Protectionism has become a widely discussed issue in the global economy, with many countries engaging in various forms of protectionist policies to maintain their competitive edge and protect their own markets. With globalization increasing at an accelerated rate since the 1990s, it is important to examine how governments can use trade policy to safeguard domestic production and industry while also allowing companies and countries access to international markets. In this blog post, we will discuss what protectionism is and its related implications for businesses and economies around the world.
International imports are usually the critical target of protectionist policies. Goods coming into the country face heavy scrutiny for numerous reasons. One of the main reasons is that it is difficult to control the product standards in other nations. Governments frequently resort to protectionist policies, with subsidies playing a major role in stimulating the economy. Subsidizing large corporations gives them an advantage in the global marketplace, allowing them to enjoy greater economies of scale and compete on an unbalanced playing field.
Those who challenge the benefits of protectionism often argue that there is little benefit to the individual consumer. Looking at the statistics, over the long term, protectionism slows economic growth, which can put the economy into a recession. Recessions are often the most painful for the citizens who will experience higher prices due to inflation. These consumers argue that greater competition through international free trade would serve as a better alternative. The scholars who defend protectionism often say that the policies help reduce domestic unemployment through the improved gross domestic product (GDP). They argue that strengthening the domestic economy will make the country’s industries more globally competitive.
Protectionist policies are often enacted through highly restrictive taxes, which raise the price of imports for a country. To discourage consumers and suppliers from importing a significant amount of goods and services, many governments implement tariffs to restrict this movement. Import tariffs are standard in almost every country worldwide as they help the government generate money on international transactions.
These import tariffs are decided on an ad-hoc basis. Government appraisers are employed and trained by the customs department to evaluate the number of taxes to be imposed on imported products. This evaluation is done on an item-by-item basis. These tariffs aim to increase the cost of goods for the importer. This additional cost makes it difficult to keep their prices low, forcing them to pass on higher prices to the consumer. Consumers will then only be able to afford fewer of these products, eventually slowing down the economy as this spills over to different sectors.
Peril point import tariffs
Lawmakers may decide that there is a need to protect industries from international trade due to quality and safety concerns. Protectionist government policies can also target entire industries with tariffs. These tariffs are targeted at a specific industry and are calculated based on the estimated harm to local industry.
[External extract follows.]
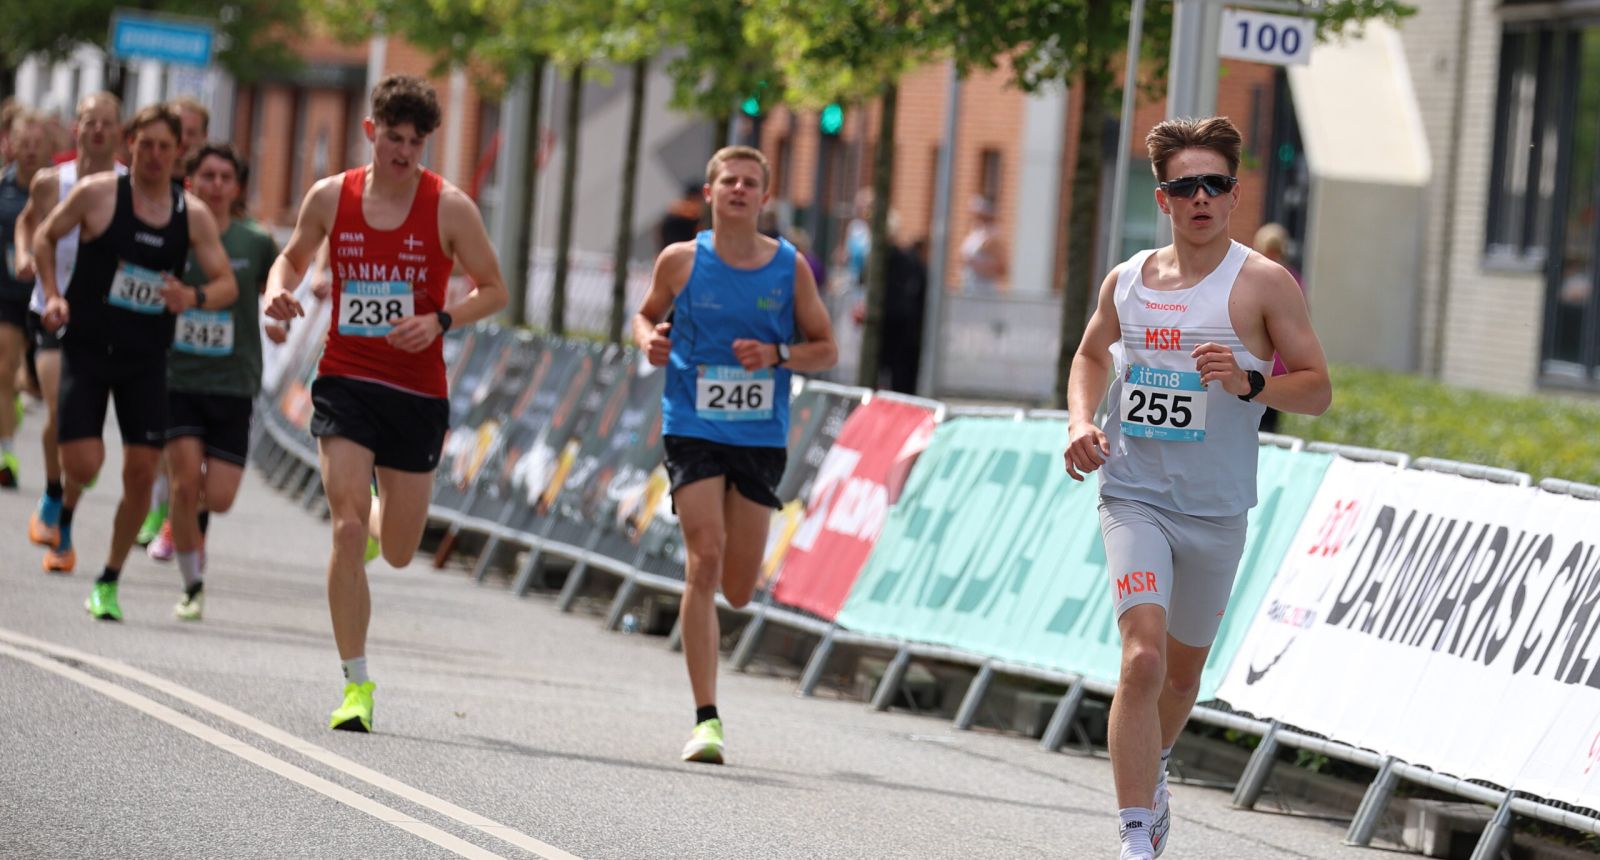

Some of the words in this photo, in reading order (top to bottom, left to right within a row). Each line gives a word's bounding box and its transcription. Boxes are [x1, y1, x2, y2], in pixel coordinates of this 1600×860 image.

Tariff decreases or increases in this regard are based on the jeopardy of industry closure due to an inability to compete with international rivals.
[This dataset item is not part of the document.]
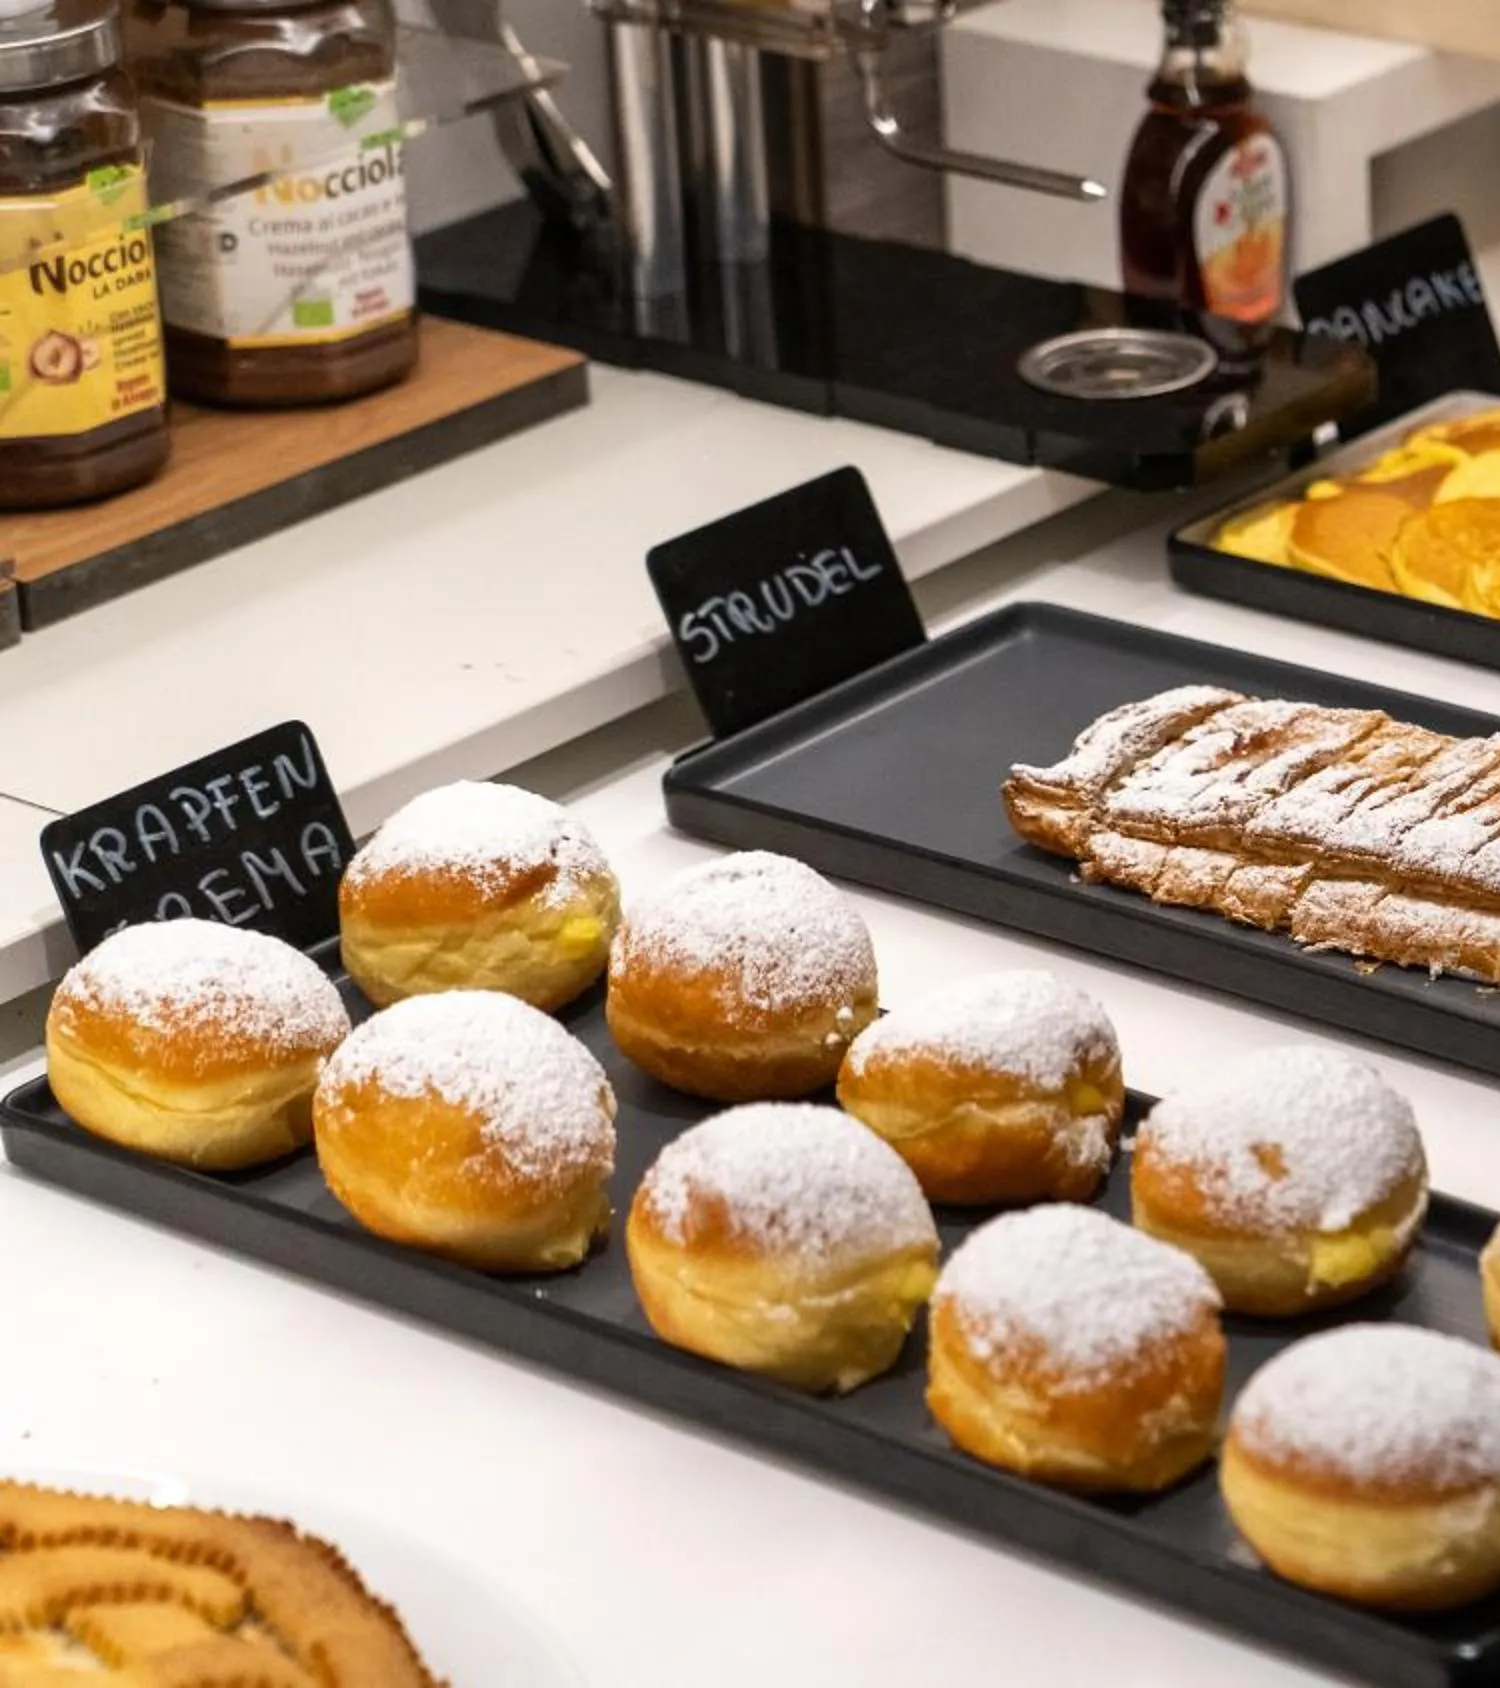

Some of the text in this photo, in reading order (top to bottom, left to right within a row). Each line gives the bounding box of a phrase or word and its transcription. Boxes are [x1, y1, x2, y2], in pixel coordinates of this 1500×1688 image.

[680, 547, 883, 664] STRUDEL
[53, 733, 317, 898] KRAPFEN
[104, 821, 341, 938] EMA
A government may impose retaliatory tariffs if they feel their industries are unfairly treated. Imposing excessive tariffs on your trading partners may lead to similar policies being drafted against your domestic industries by their lawmakers.
Protectionists designed import quotas to ensure that only a certain amount of one product can be imported during a set period. These nontariff barriers limit the supply of specified products. It renders exporters unable to flood domestic markets with their products. This policy means that the mass-producing capacity of foreign markets will not affect the supply/demand balance in the domestic markets. Its effect on pricing in the economy is only marginal. These policies are standard in various countries and are not considered drastic.
Protectionists argue that the advantage of this policy is that it prevents dumping. Product dumping is often caused by mass producers flooding the market and dumping their products in a country. Many conglomerates can afford this because their prices are lower than many domestic production costs. In extreme situations, the government may issue an embargo against the importation of designated products. This policy is binding and means products from that country are entirely prohibited.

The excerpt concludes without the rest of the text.